- _Work instruction_
Your response should consist of the entries below, reproduced exactly and without their images.

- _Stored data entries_
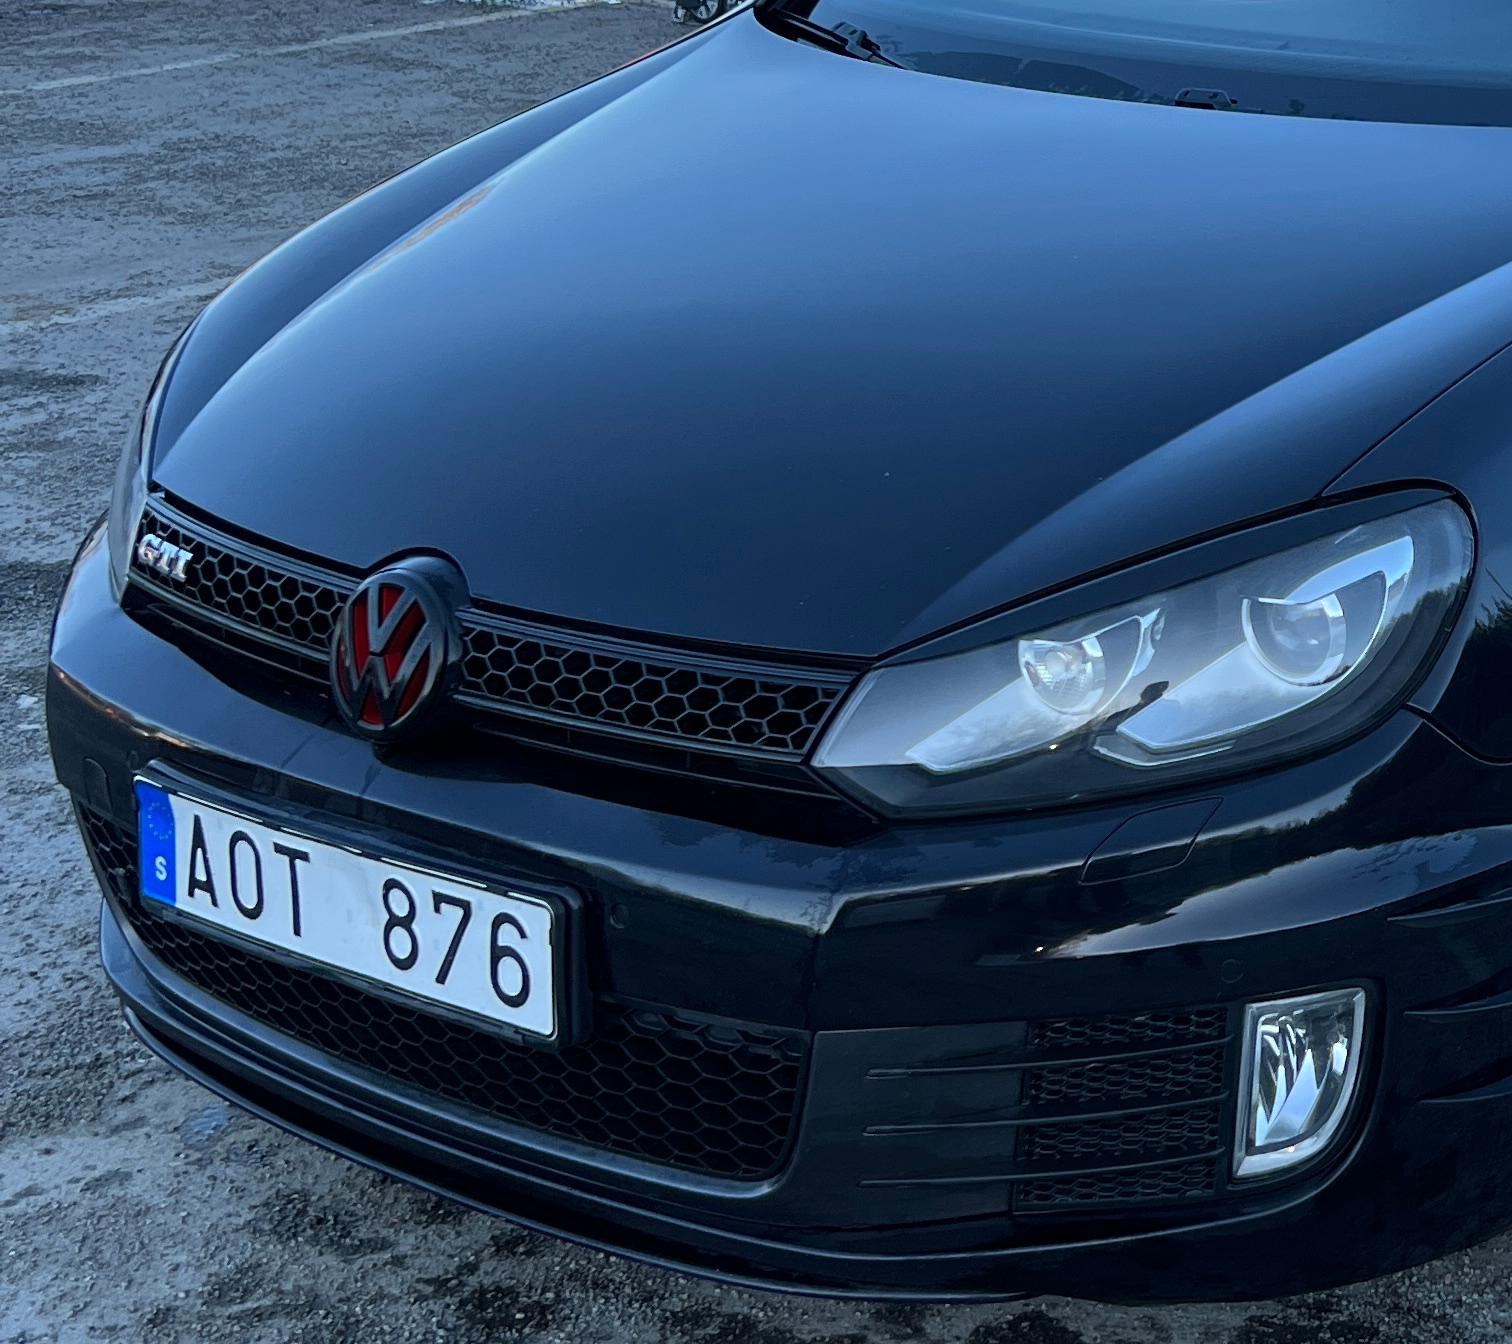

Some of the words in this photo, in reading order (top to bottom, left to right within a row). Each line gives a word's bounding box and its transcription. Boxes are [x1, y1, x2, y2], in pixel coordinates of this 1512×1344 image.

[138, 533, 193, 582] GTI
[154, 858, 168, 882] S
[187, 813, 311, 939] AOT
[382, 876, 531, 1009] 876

- _Completed task_
Some of the words in this photo, in reading order (top to bottom, left to right within a row). Each line gives a word's bounding box and its transcription. Boxes are [x1, y1, x2, y2], in pixel coordinates of this 1512×1344 image.

[138, 533, 193, 582] GTI
[154, 858, 168, 882] S
[187, 813, 311, 939] AOT
[382, 876, 531, 1009] 876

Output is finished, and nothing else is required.